White Sox Park was built on a former city dump that Charles Comiskey bought in 1909 to replace the wooden South Side Park. Within three years, it was renamed Comiskey Park. The original name was restored in 1962, then it changed back to Comiskey Park in 1976.

On April 22, 1923, the park was subject to a bombing, suspected to be labor unions in response to it being painted by Landis Award, open shop, painters. During a time of unrest due to an employer movement to weaken labor unions.

Comiskey Park was very modern for its time. It was the third concrete-and-steel stadium in the major leagues to be built since 1909. As originally built, it seated almost 32,000, a record at the time. Briefly, it retained the nickname "The Baseball Palace of the World". Light towers were added in 1939.

The park's design was strongly influenced by Sox pitcher Ed Walsh and was known for its pitcher-friendly proportions (362 ft to the foul poles; 420 ft to center field).
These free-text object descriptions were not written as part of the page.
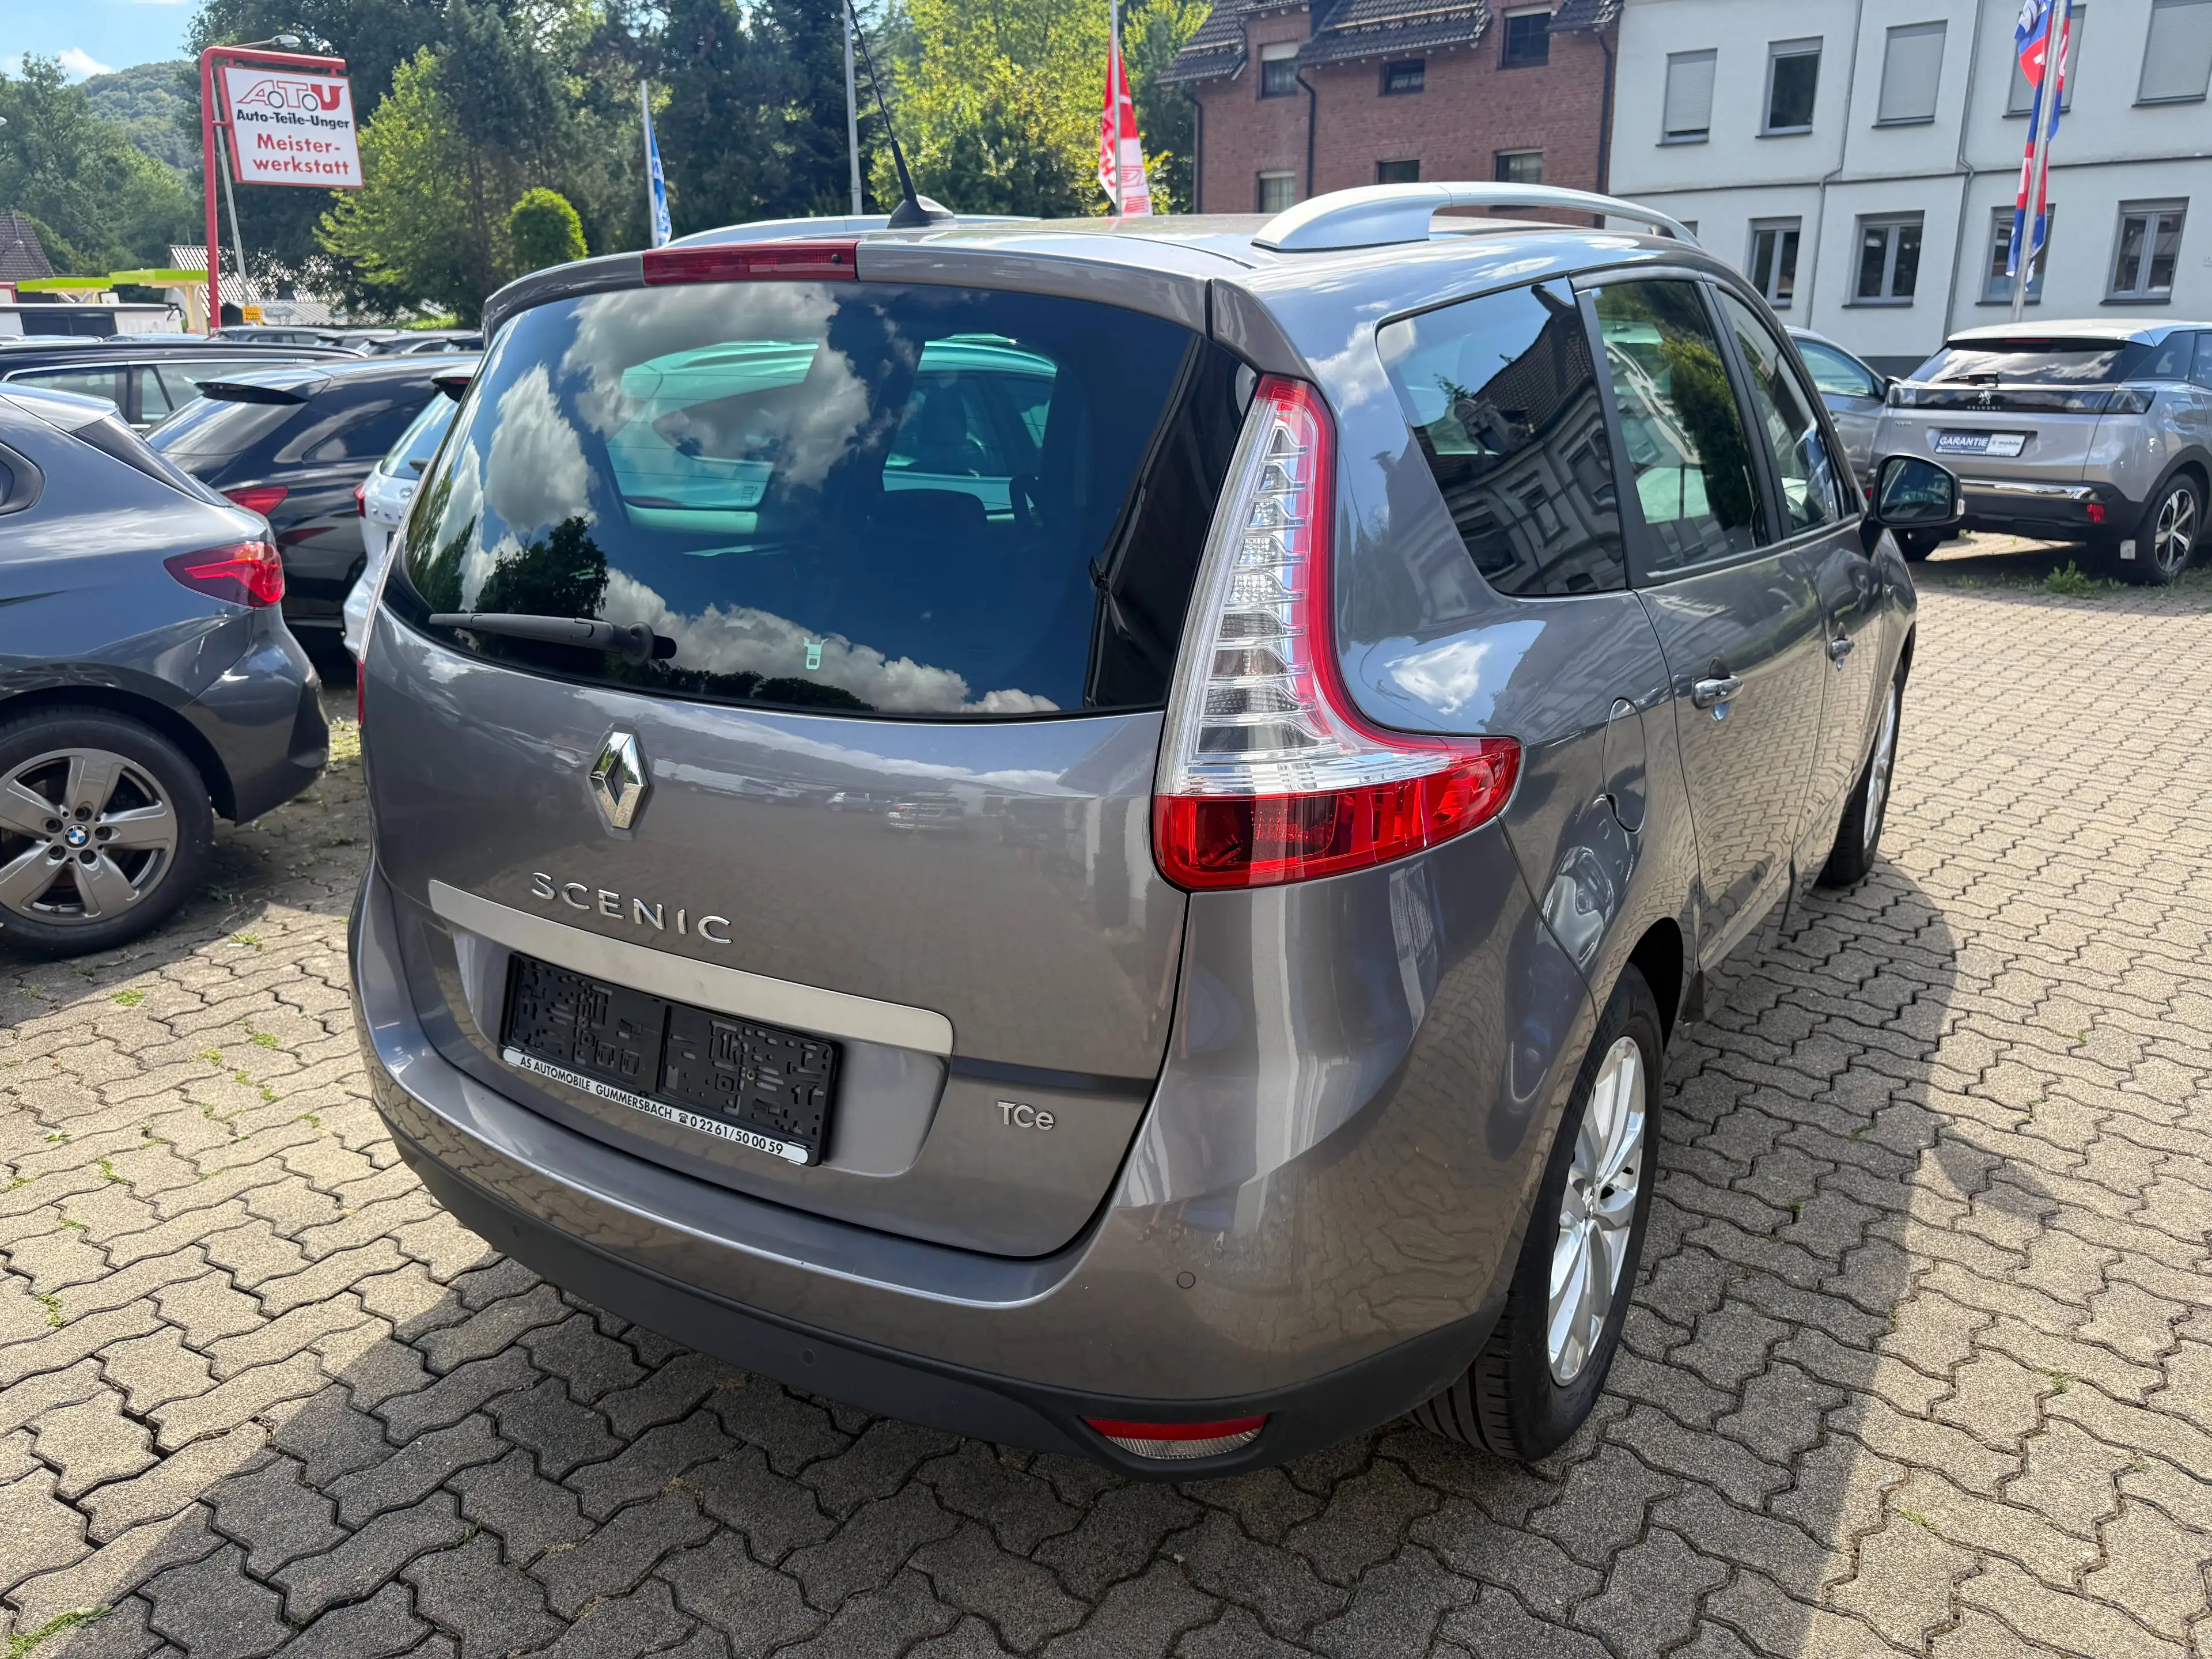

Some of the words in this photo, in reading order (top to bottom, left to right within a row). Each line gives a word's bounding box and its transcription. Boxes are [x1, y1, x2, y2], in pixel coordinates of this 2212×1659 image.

[236, 109, 350, 130] Auto-Teile-Unger
[257, 133, 341, 153] Meister-
[252, 156, 349, 175] werkstatt
[1939, 436, 1989, 447] GARANTIE
[532, 872, 733, 944] SCENIC
[520, 1056, 532, 1069] AS
[534, 1061, 591, 1091] AUTOMOBILE
[596, 1084, 672, 1119] GUMMERSBACH
[998, 1100, 1056, 1131] TCe
Later changes were made, but the park remained more or less favorable to defensive teams. For many years this reflected on the White Sox style of play: solid defense, and short, quick hits. The park was unusual in that no player hit 100 home runs there: Carlton Fisk set the record with 94.

The first game in Comiskey Park was a 2–0 loss to the St. Louis Browns on July 1, 1910. The first no-hitter at Comiskey Park was in 1911, hurled by Ed Walsh on August 27, a 5–0 win over Boston. The Sox won their first home night game, over St. Louis on August 14, 1939, 5–2.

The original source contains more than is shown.